Some fillers can have quite long-lasting effect (up to 10 years). Called permanent or semi-permanent (non-biodegradable) they are gels based on synthetic polymers. Synthetic products are the most unfavorable in terms of the number and severity of side effects. They can be used in case of presence of large post-traumatic defects, with lipoatrophy in HIV-infected patients and in some cases in patients in adulthood (i.e. after 55 years), when the intensity of metabolism decreases and so does the risk of complications.
Let’s have a look at Polymethyl-methacrylate microspheres, permanent injection filler Restylane with a two-phase structure for soft tissues. PMMA is composed of a solid phase made up of polymethyl-methacrylate (PMMA) microspheres with a smooth surface (25%) suspended in a partially denatured bovine collagen (75%) solution used as a carrier gel. Due to the absence of immunogenic telopeptides, collagen molecules become less allergenic.
Perfect candidates for the injection of PMMA are patients with visible wrinkles and folds, post-acne scars and other obvious soft tissue defects associated with the presence of excess skin. The filler is injected subdermally, followed by a light massage of the injection area to avoid the formation of tubercles and uniform distribution of the filler. Within a few days after the introduction of PMMA, the patient should avoid high activity of facial muscles
The frequent and severe side effects of polymethyl-methacrylate include redness, swelling and soreness, which usually occur within the first two days after the procedure. Bruises after PMMA injections are rare, also during the first months after the procedure, itching may occur.

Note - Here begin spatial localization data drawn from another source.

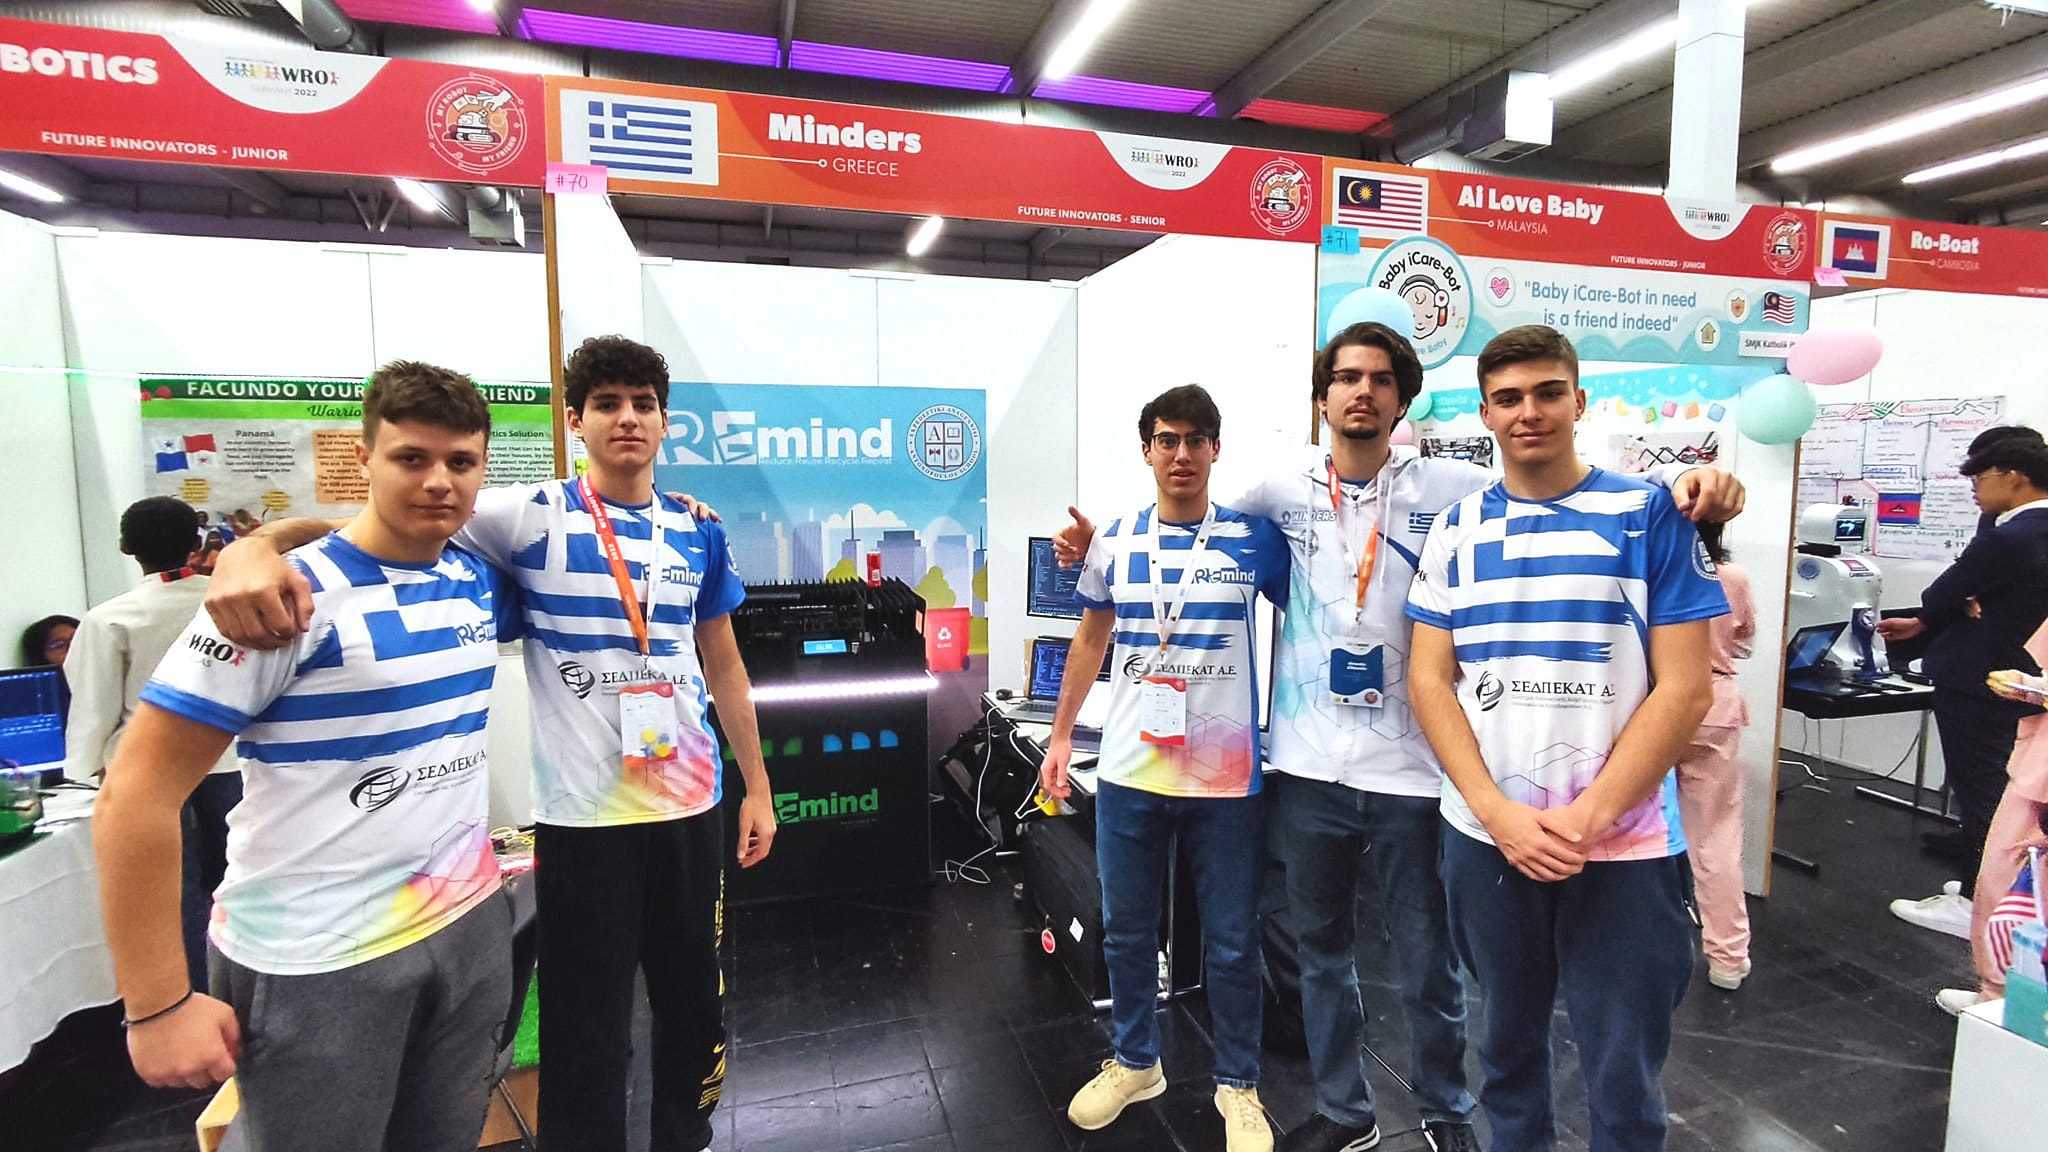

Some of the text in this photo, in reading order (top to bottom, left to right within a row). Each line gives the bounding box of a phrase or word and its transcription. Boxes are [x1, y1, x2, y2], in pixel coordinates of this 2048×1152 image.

[0, 43, 159, 85] BOTICS
[281, 67, 329, 85] WRO
[294, 88, 318, 97] 2022
[442, 87, 467, 105] ROBOT
[768, 112, 922, 154] Minders
[41, 131, 107, 147] FUTURE
[110, 136, 217, 156] INNOVATORS
[232, 146, 288, 161] JUNIOR
[495, 136, 517, 159] FRIEND
[832, 157, 899, 177] GREECE
[1165, 154, 1194, 168] WRO
[555, 174, 588, 189] #70
[1458, 184, 1605, 225] Ai Love Baby
[1018, 205, 1056, 218] FUTURE
[1058, 209, 1122, 223] INNOVATORS
[1130, 214, 1166, 226] SENIOR
[1707, 211, 1727, 222] WRO
[1496, 219, 1548, 235] MALAYSIA
[1325, 230, 1349, 251] #71
[1911, 230, 1979, 254] Ro-Boat
[1378, 251, 1462, 292] Baby iCare-Bot
[1611, 255, 1635, 264] FUTURE
[1636, 257, 1678, 267] INNOVATORS
[1682, 261, 1706, 270] JUNIOR
[1936, 258, 1980, 271] CAMBODIA
[1524, 280, 1697, 308] "Baby iCare-Bot in need
[1543, 308, 1678, 331] is a friend indeed"
[187, 381, 297, 397] FACUNDO
[306, 383, 366, 398] YOUR
[509, 430, 544, 438] Solution
[928, 425, 941, 441] A
[189, 633, 234, 661] WRO
[601, 669, 668, 684] ΣΕΔΠΕΚΑ
[774, 788, 878, 824] Emind

Side effects associated with the technique of PMMA injection include uneven distribution of excessive filler volume and its migration due to excessive muscle activity.

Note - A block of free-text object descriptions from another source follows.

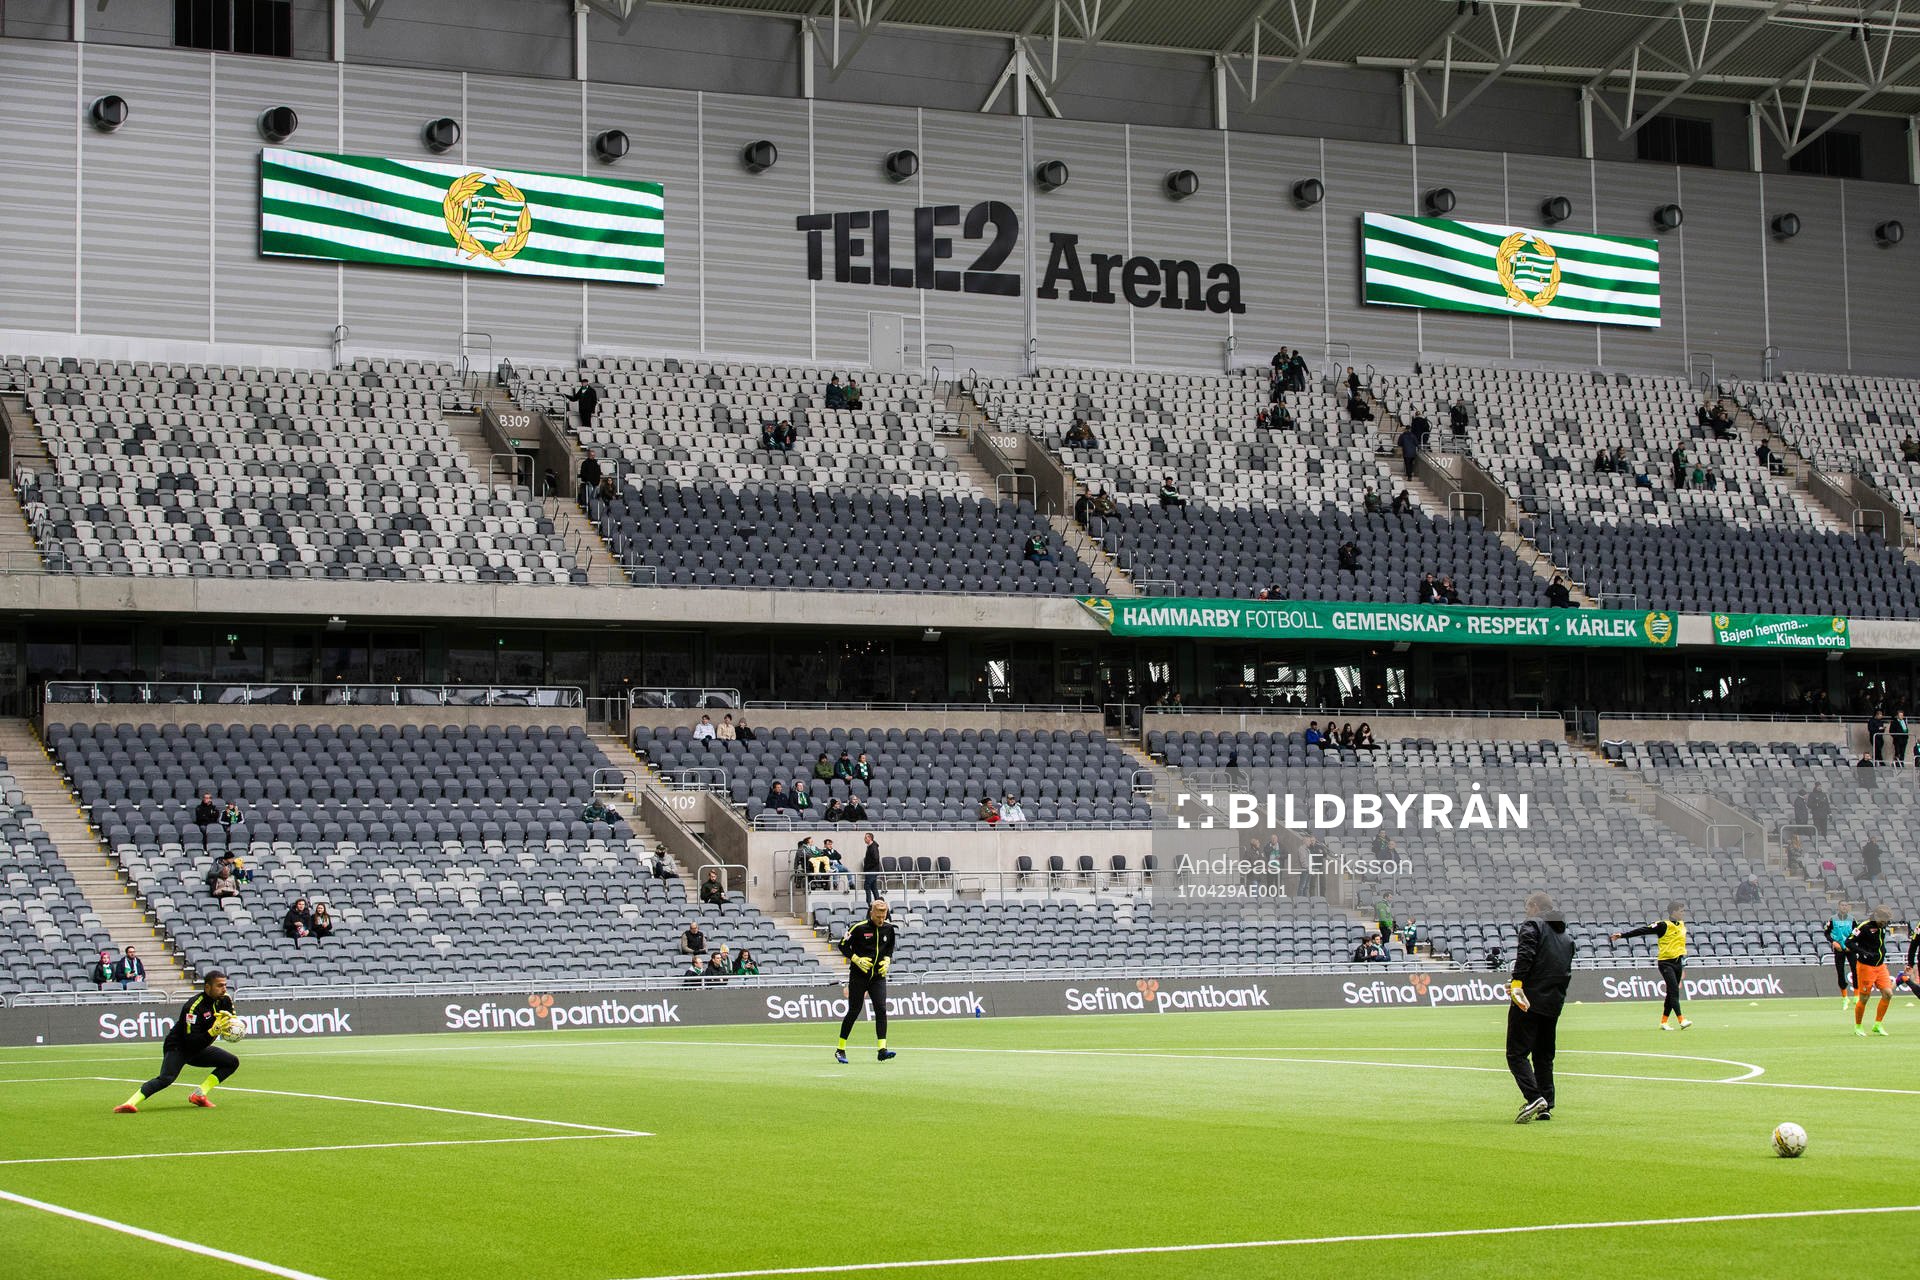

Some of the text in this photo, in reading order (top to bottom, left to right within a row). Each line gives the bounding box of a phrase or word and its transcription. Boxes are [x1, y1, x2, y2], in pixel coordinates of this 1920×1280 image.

[797, 201, 1246, 314] TELE2 Arena
[500, 415, 530, 427] B309
[1123, 607, 1637, 637] HAMMARBY FOTBOLL GEMENSKAP RESPEKT KÄRLEK
[1720, 628, 1753, 643] Bajen
[1817, 635, 1845, 646] borta
[1065, 984, 1270, 1014] Sefina pantbank
[1342, 979, 1511, 1008] Sefina pantba
[1603, 973, 1784, 1001] Sefina pantbank
[445, 999, 680, 1031] Sefina pantbank
[766, 994, 850, 1019] Sefina
[99, 1008, 352, 1039] Sefin antbank

Clinical complications include the formation of seals and nodules within 3-24 months after the injection of PMMA. Some experts believe that the reason for this is superficial quantity of the drug or uneven inflammatory response, leading to the formation of granulomas and hypertrophic scars. In such cases therapy is carried out with the help of corticosteroid injections which reduce the activity of fibroblasts and macrophages and thereby prevent the formation of collagen deposits and abnormally large cells.
Only surgical treatment of these complications is possible.